# China says LeBron commercial insults national dignity



## JGKoblenz (Jul 19, 2002)

China has banned a Nike television commercial showing NBA star LeBron James fighting a cartoon kung fu master, saying it insults national dignity.


----------



## Priest (Jun 24, 2003)

cry me a river


----------



## Locke (Jun 16, 2003)

I like these commercials. They're original and creative when speaking of ways to advertise a shoe.


----------



## Mongolmike (Jun 11, 2002)

One of the first thoughts I had when I saw the commercial for the first time, was A) it's cool, and #2) this is a not-so-subtle attempt by NIKE to focus on one of the the largest markets in the world, the Asian market, using one of the hottest athletes in the world.

Guess I was wrong.... heh, heh... and so was the NIKE ad maker....

NIKE Ad Producer: "Gentlemen, I think we came up with a really hot commercial that will excite interest here in the states, and will also drive up sales for your large Asian market."

NIKE Ad Executives: "Brilliant!"

NIKE CEO: "Excellant work... I love it!"

....sometime later.....

Recent news reports out of the far east state that the new LeBron James "Kung-fu" NIKE commercial is offensive to the People's Republic of China.

NIKE CEO: "WHAT THE HILL WHERE THEY THINKING? Fire that Ad Agency IMMEDIATELY! Oh, and I'm gonna retire too..."


----------



## Deadlock (Jul 8, 2004)

lol what lame people


----------



## futuristxen (Jun 26, 2003)

hmmm...whooooops.


----------



## Cap (Nov 5, 2003)

Yeah, this isn't surprising, it was mentioned months ago when the ads leaked that they could be construed as insulting to certain Chinese "dignitaries".


----------



## Tersk (Apr 9, 2004)

It's a cool ad, like the ending when he alley oops through that guys chest. They always show this at the end of the Australian Basketball Games on the big-screen, it's awesome. That and the one in the chapel with the mad dunks and passes to like Dr. J and ****


----------



## HKF (Dec 10, 2002)

"Okay USA." :laugh:


----------



## LBJthefuturegoat (Nov 13, 2004)

http://www.nba.com/cavaliers/news/optimist_nets_041207.html


----------



## compsciguy78 (Dec 16, 2002)

> Originally posted by <b>Hong Kong Fooey</b>!
> "Okay USA." :laugh:


:rofl:

"American do tricks with bricks"


----------



## LOYALTY (May 23, 2003)

The Japanese Shoe monopoly known as NIKE could not care less Who they offend.. As long as they make their Billions.. I have seen the Chamber of fear ads. I think they are playing up kids' fascination with video games. I'm not from China, so I can't really say if it is offensive or not.


----------



## futuristxen (Jun 26, 2003)

> Originally posted by <b>LOYALTY</b>!
> The Japanese Shoe monopoly known as NIKE could not care less Who they offend.. As long as they make their Billions.. I have seen the Chamber of fear ads. I think they are playing up kids' fascination with video games. I'm not from China, so I can't really say if it is offensive or not.

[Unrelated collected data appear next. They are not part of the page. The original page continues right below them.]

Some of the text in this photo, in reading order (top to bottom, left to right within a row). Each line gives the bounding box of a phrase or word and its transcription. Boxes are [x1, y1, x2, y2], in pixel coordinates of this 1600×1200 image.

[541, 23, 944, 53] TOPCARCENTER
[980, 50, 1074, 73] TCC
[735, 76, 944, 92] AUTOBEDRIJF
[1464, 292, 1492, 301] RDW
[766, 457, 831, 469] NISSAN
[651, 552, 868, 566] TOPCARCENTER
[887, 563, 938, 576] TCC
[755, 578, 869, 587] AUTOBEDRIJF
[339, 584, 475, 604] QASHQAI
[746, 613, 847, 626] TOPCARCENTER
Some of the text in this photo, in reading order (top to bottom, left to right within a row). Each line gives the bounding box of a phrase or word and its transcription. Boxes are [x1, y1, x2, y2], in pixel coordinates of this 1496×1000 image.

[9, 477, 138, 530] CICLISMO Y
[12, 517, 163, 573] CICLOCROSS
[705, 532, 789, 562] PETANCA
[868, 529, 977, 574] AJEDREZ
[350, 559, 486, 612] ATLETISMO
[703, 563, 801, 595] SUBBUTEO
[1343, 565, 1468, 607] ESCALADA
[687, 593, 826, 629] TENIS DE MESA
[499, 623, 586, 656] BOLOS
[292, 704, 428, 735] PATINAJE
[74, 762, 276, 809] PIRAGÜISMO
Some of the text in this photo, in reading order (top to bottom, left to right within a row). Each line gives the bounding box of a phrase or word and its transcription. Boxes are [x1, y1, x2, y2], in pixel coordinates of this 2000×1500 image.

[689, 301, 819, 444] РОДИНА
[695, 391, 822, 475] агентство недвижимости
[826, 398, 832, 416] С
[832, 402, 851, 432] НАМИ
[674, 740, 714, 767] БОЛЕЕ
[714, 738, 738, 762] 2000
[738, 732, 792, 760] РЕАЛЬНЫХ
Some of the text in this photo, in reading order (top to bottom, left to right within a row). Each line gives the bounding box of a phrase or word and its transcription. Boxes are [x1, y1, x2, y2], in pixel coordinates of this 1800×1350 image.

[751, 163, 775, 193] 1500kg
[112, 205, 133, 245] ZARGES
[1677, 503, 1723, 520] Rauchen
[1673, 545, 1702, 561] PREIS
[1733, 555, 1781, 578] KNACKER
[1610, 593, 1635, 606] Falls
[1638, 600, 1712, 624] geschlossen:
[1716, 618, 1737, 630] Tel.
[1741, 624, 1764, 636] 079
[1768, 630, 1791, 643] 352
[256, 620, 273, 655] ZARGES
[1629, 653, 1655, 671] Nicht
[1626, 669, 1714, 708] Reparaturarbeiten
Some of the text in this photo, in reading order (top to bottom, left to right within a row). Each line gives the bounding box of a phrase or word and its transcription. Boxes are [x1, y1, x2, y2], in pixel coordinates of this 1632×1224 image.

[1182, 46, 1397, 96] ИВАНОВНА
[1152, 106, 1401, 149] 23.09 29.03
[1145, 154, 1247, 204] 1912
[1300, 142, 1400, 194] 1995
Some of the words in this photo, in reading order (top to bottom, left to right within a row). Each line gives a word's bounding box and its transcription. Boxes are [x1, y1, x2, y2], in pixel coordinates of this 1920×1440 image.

It's about as offensive as Kill Bill.


----------



## Ravnos (Aug 10, 2004)

I don't find it offensive but I can certainly understand someone who does. It's just like a bunch of movies and TV shows with a wise, native American mystic who is in touch with nature. It's a stereotype. Stereotypes can be offensive. I don't know why all of you are just ridiculing the complaints.


----------



## Ben1 (May 20, 2003)

Like Ravnos, I do not find the ad offensive whatsoever (it's a rather creative one IMO), but I do see how it can be to some people. 

Funny enough though, I don't think any of my friends here in HK find it offensive either.


----------



## nikebasketball (Jan 28, 2004)

> Originally posted by <b>Deadlock</b>!
> lol what lame people


*
Exactly ^^
*


----------



## SSrulez (Dec 16, 2004)

These ads are really insulting.


----------



## futuristxen (Jun 26, 2003)

> Originally posted by <b>SSrulez</b>!
> These ads are really insulting.


I find your screenname insulting. Are you going to change it?


----------



## Pioneer10 (Sep 30, 2004)

> Originally posted by <b>futuristxen</b>!
> 
> 
> I find your screenname insulting. Are you going to change it?


Ditto


----------



## SSrulez (Dec 16, 2004)

> Originally posted by <b>futuristxen</b>!
> 
> 
> I find your screenname insulting. Are you going to change it?


Why are my first name letters insulting you?Paranoid?


----------



## futuristxen (Jun 26, 2003)

> Originally posted by <b>SSrulez</b>!
> 
> 
> Why are my first name letters insulting you?Paranoid?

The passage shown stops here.